It came as a surprise, back in July, when Michelle Boone, then-commissioner of the city’s Department of Cultural Affairs and Special Events, let it slip via an e-mail to friends that she’d be leaving her job in a week to become head of programming at Navy Pier.
Boone had logged five years in the catbird seat (previously occupied by the legendary Lois Weisberg for more than two decades) and would soon be two years past what must have been her worst moment at DCASE—the Great Chicago Fire Festival fiasco. She’d championed the Redmoon event before it fizzled in front of 30,000 spectators, banks of cameras, and her boss, the mayor, so it wouldn’t have been surprising if her own job had gone up in flames.
But maybe the fizzle was catching up with her now. Why else would she trade her position as cultural czar of the entire city to take on programming for a tiny appendage, a mere finger in the lake?
OK, it’s a high-profile, bejeweled appendage, in the midst of a pricey makeover, but still.
“It was a really exciting opportunity,” Boone said in a phone interview last week. “I like tackling big ideas, so this notion of coming on board to build an arts and culture program at the pier, something that has never existed before, was too compelling to turn down,” she added.
We’ll have to wait a year or two for tax records to surface before we find out what her new job will pay. Navy Pier used to be run by a government body, the Metropolitan Pier and Exposition Authority, or McPier, so-called for the joint state-city venture also in charge of McCormick Place. But in 2011, McPier handed pier management off to a newly created nonprofit corporation, Navy Pier, Inc., and it’s now operated under the less stringent transparency rules that nonprofits enjoy. No need to worry on Boone’s behalf: the pier is known for generous salaries to its administrators. Total compensation for Marilynn Gardner, its CEO, topped $400,000 in 2014, the latest year for which records are available.

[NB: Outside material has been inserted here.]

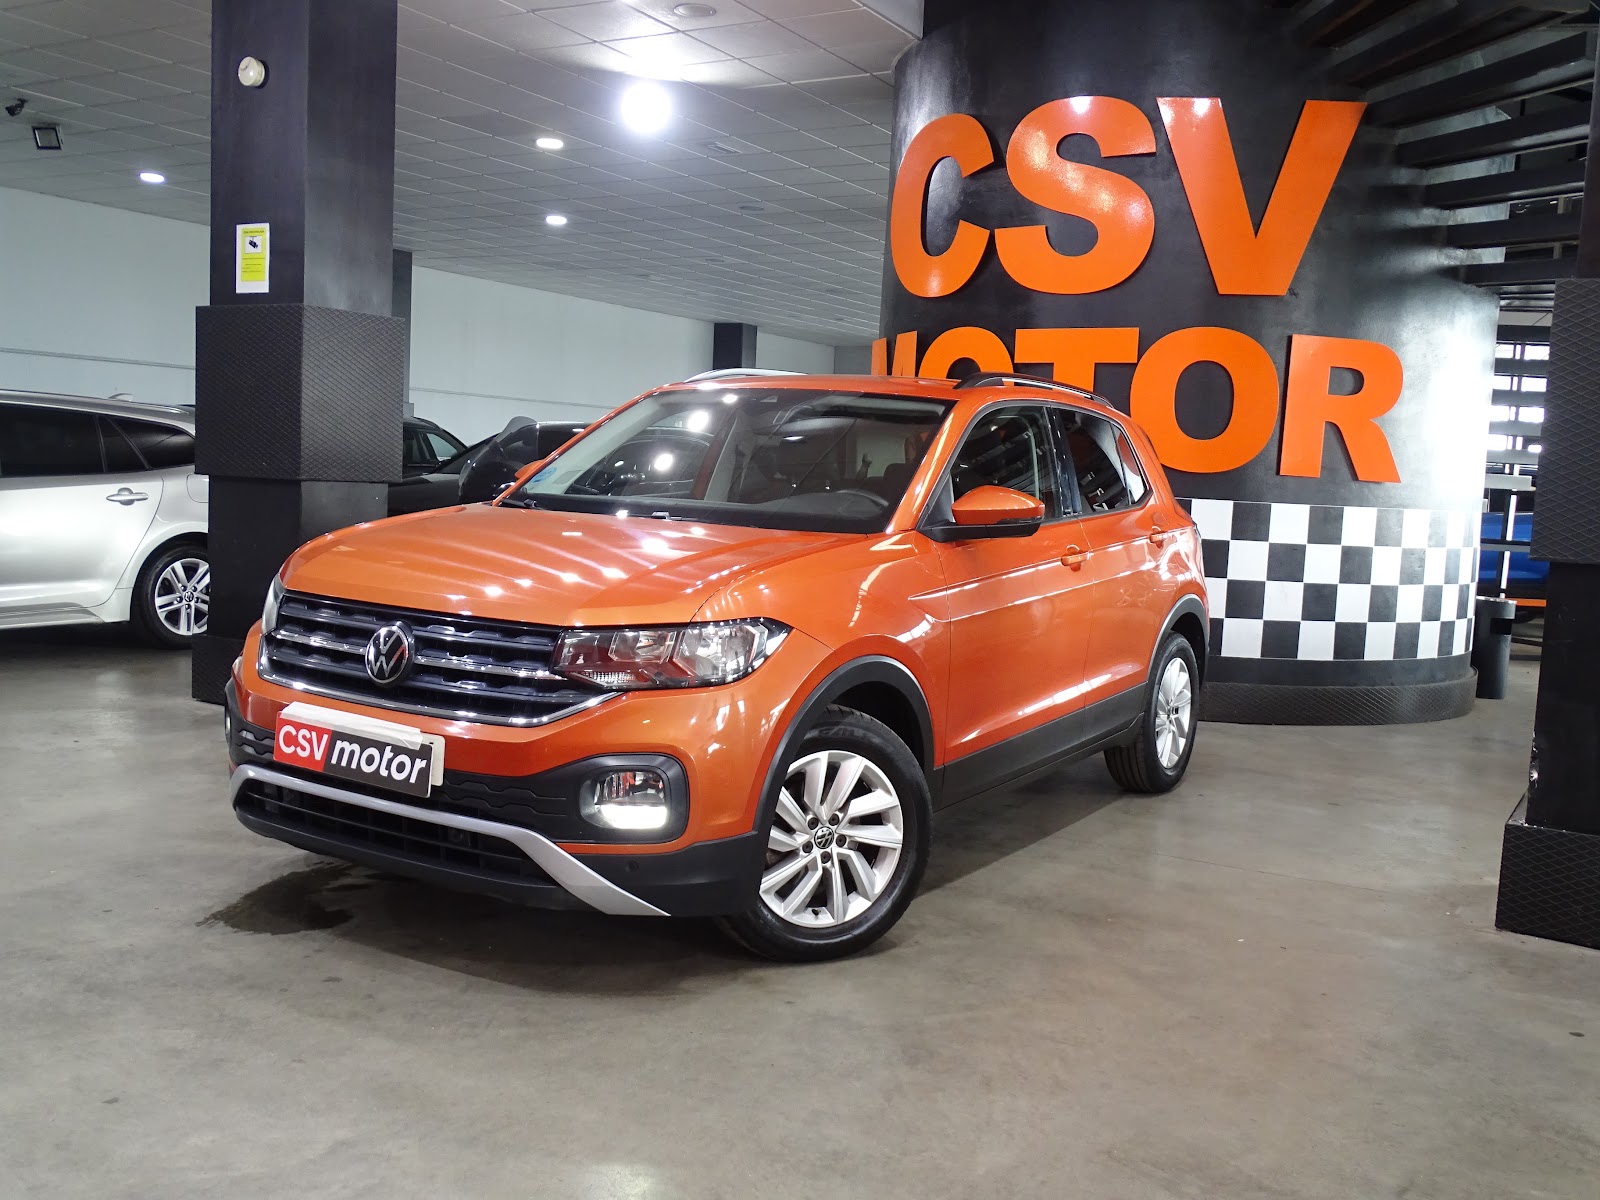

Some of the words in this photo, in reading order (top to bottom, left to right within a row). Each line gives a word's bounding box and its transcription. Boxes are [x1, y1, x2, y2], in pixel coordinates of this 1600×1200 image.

The pier celebrated its 100th birthday this year with the opening of a towering new 196-foot Ferris wheel, a second food court, an improved outdoor promenade, and the lively Polk Bros Park and fountain in front of the main entrance. A performance lawn on the west end is still under construction.
The next phase of the “Centennial Vision” for the pier was approved by the City Council this month. It includes a “welcome” pavilion and seasonal ice rink for Polk Bros Park, recreational boat docks, a swooping 17-foot-tall walkway and rectangular reflecting pool that’ll arguably mar the pier’s historic eastern tip, and a 240-room hotel that’ll go up on the south side of the Festival Hall exhibition space and take over its fantastic views of the lake and city.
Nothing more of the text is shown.